By Jean-Christophe Bouramoué
The ability to effectively monitor your data has become indispensable for anticipating anomalies and guaranteeing consistent quality. By enriching its functionalities with advanced statistics and customized natures, Tale of Data enhances your data observability. These tools enable you to better understand the health of your data, quickly identify significant deviations and configure alerts tailored to your needs. Thanks to these innovations, you now have more precise and proactive control over your information systems.
I - Advanced statistics in the Mass Discovery module
We've added an advanced statistics calculation to Tale of Data's data discovery module.
In concrete terms, when you run an analysis on thousands or even millions of tables, Tale of Data collects, for each column, the number of distinct values, the minimum, maximum, average, standard deviation and various percentiles. This information is added to data quality statistics and semantic analysis (e.g. identification of sensitive or personal data) already offered by the Data Discovery module.
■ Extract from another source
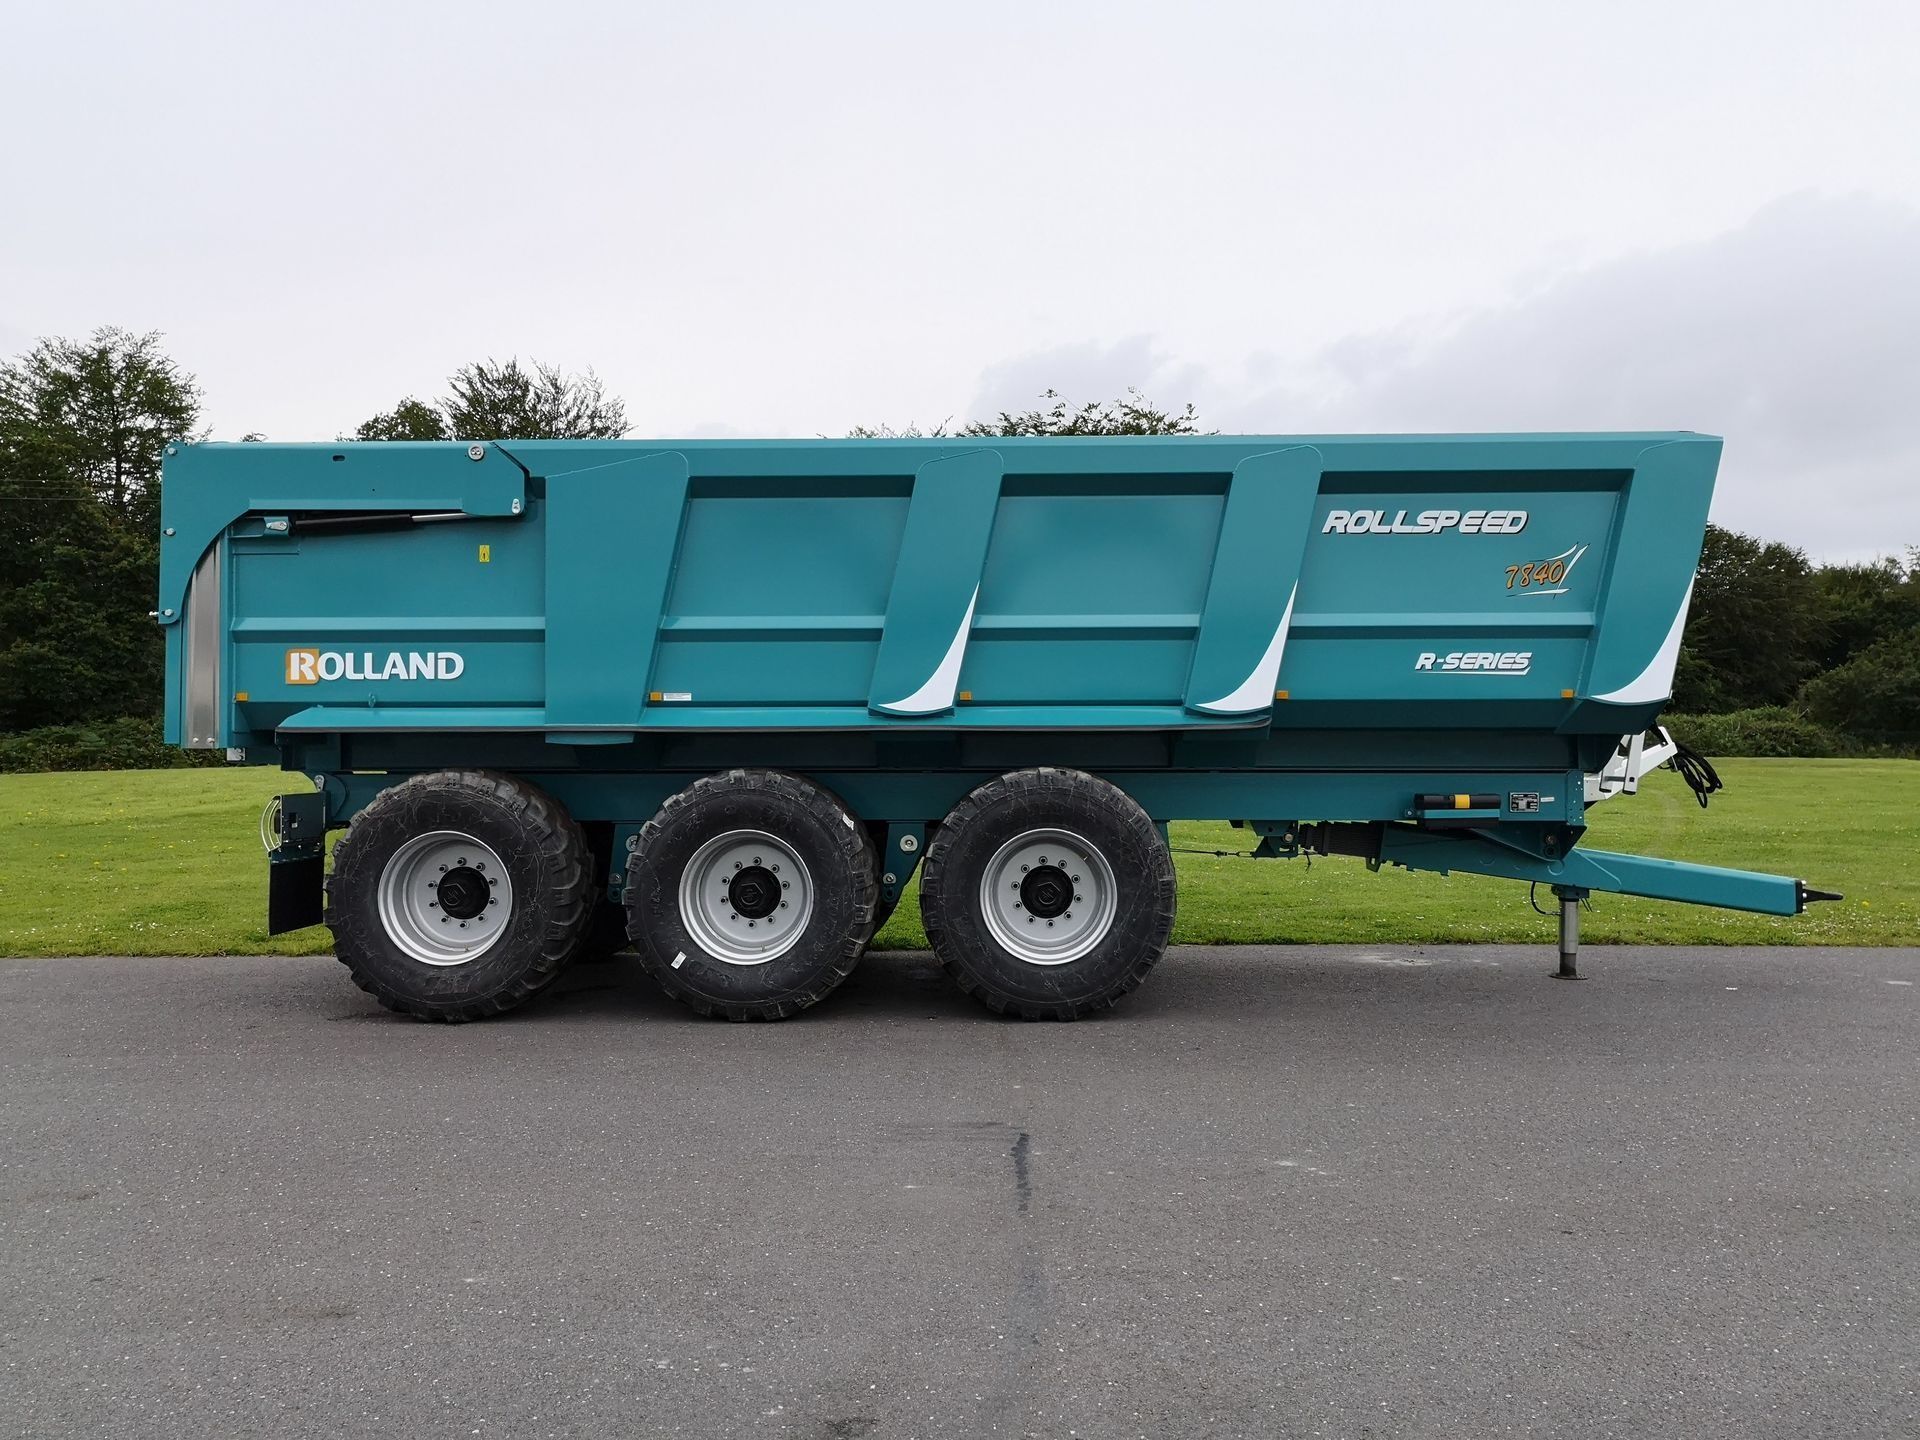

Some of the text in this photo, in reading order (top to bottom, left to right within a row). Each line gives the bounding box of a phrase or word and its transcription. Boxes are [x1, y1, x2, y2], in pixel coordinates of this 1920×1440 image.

This new feature offers two advantages:
A much more accurate snapshot (by column) of the actual state of your data.
A new range of possibilities in terms of Data Observability: one of the aims of Data Observability is to provide a precise mapping of the health of your data, and to trigger alerts when quality indicators exceed certain thresholds.
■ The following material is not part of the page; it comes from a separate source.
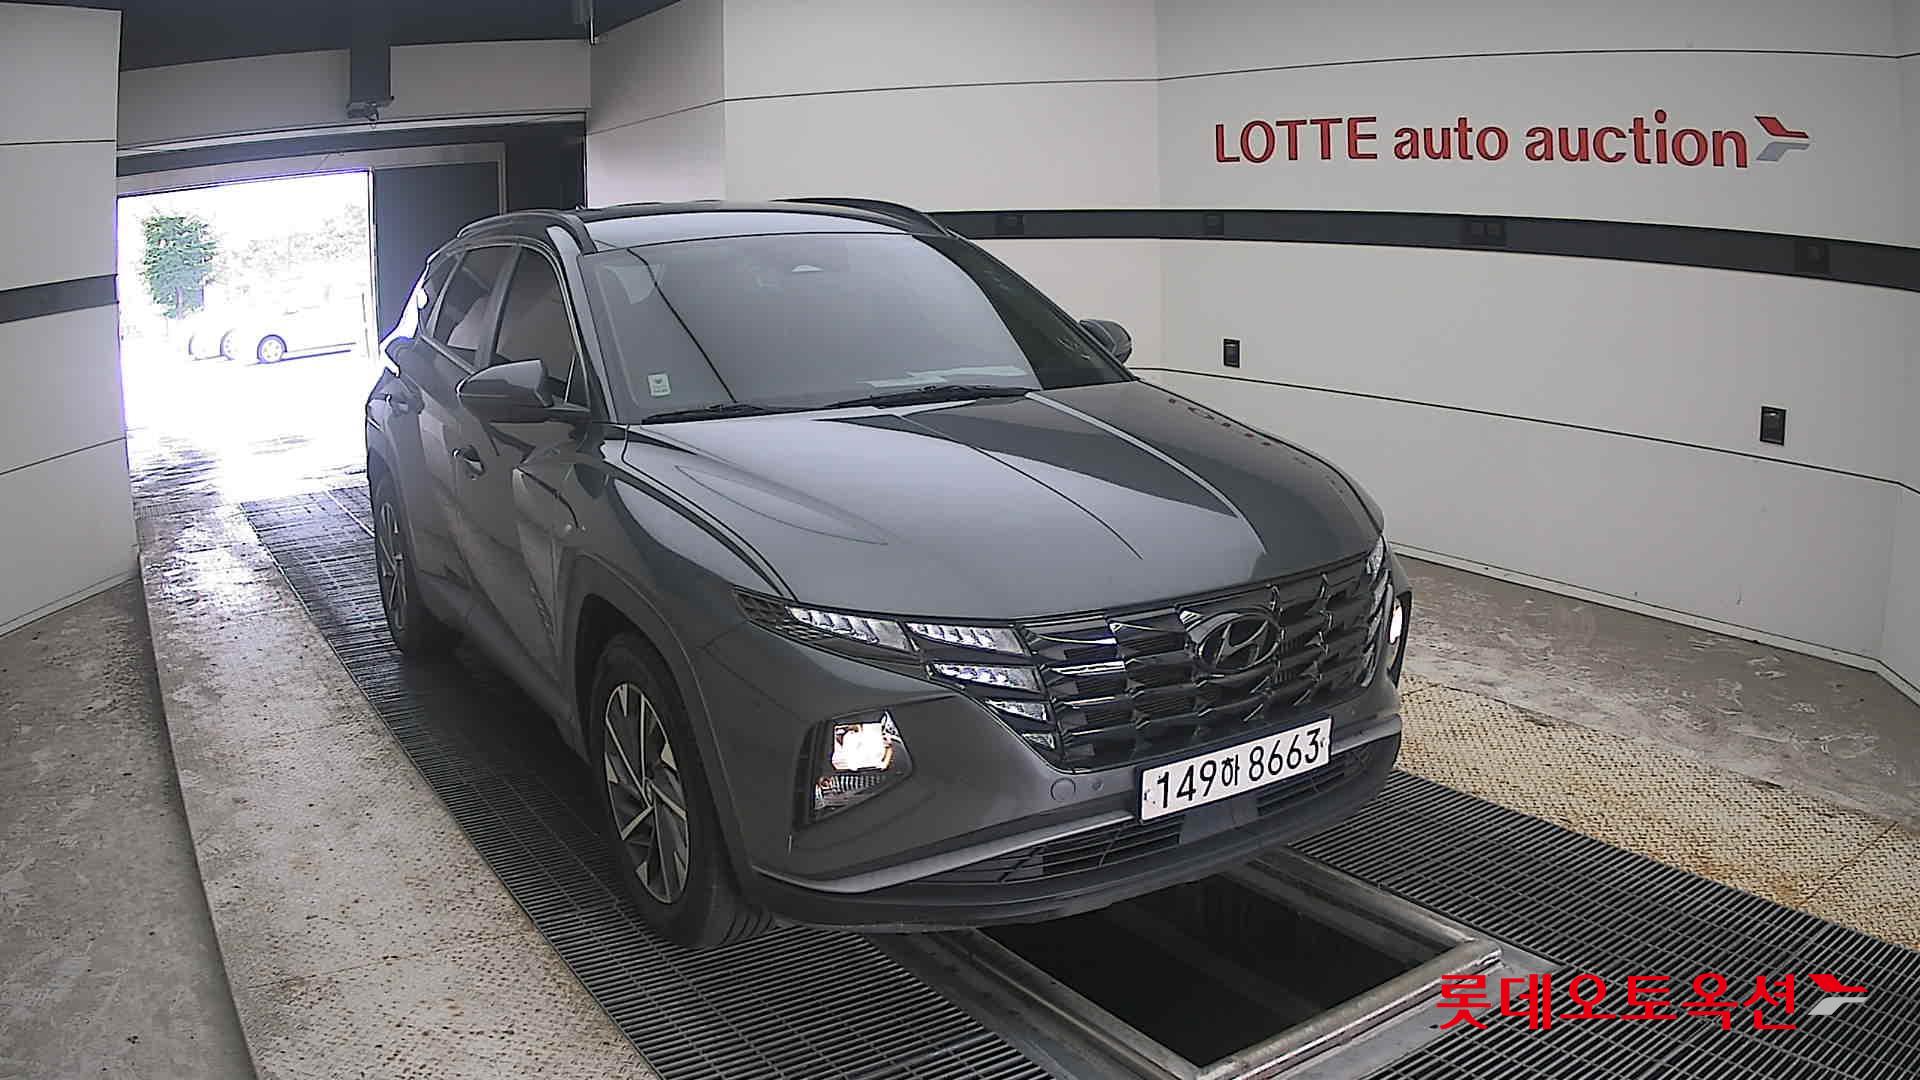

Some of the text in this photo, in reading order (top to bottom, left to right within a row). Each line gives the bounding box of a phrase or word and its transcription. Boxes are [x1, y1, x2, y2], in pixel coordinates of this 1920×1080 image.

[1214, 109, 1749, 168] LOTTE auto auction
[1157, 727, 1321, 809] 149하 8663
In Tale of Data, you can now trigger alerts on much more specific events. Here are a few examples:
I want to receive an alert when the number of modalities in a column falls below twenty values, indicating that something has gone wrong with a data import process.
I want to receive an alert when the threshold of the 5% highest values for my column rises above a certain threshold, which means that a certain number of outliers have appeared in my dataset.
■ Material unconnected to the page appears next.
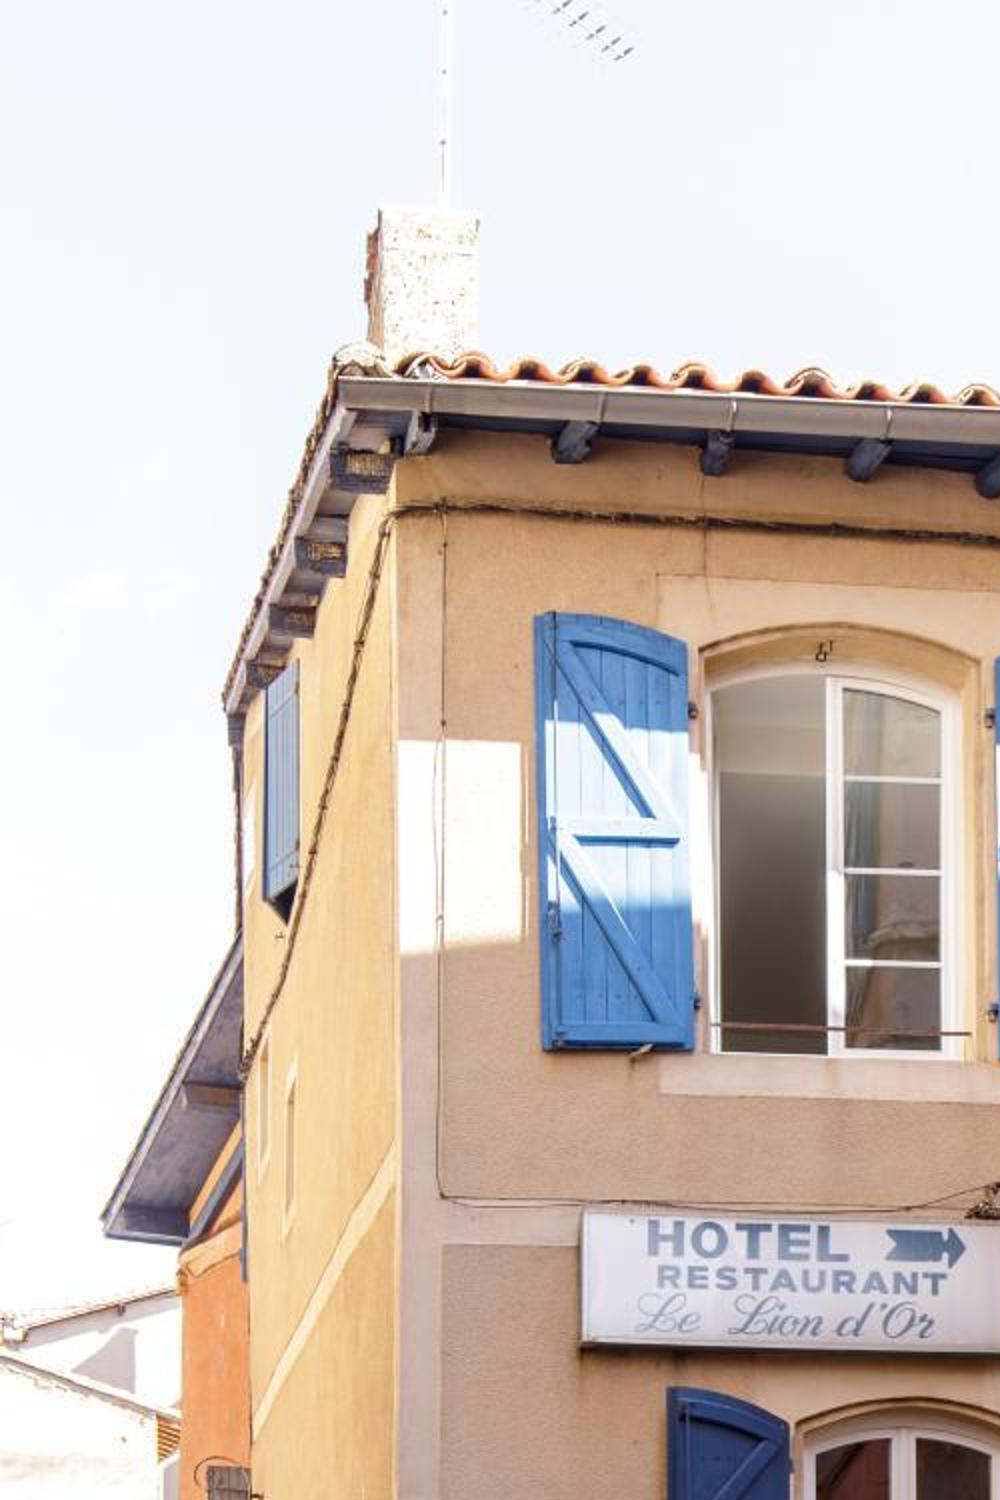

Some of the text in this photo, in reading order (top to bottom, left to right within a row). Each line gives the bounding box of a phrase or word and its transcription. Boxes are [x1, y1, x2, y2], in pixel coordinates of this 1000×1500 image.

[647, 1219, 849, 1263] HOTEL
[656, 1264, 948, 1296] RESTAURANT
[636, 1293, 936, 1340] Le Lion d'Or
I want to receive an alert when the standard deviation for a given column (numerical or date type) has fallen sharply. This may mean that some processing has led to a regression that has produced an unusual distribution on that column.
II - Adding custom natures
As standard, Tale of Data is capable of recognizing nearly fifty "natures" of data. In fact, by analyzing thousands of structured files or database tables, Tale of Data automatically provides a precise mapping of the columns in which telephone numbers, e-mails, IBANs, surnames, first names, etc. are present.
Tale of data also provides quality statistics on these columns: the percentage of missing data and the percentage of invalid data (e.g. malformed emails).
What's new is that you can now define your own data natures and benefit from the massive analysis and statistics offered by Tale of Data.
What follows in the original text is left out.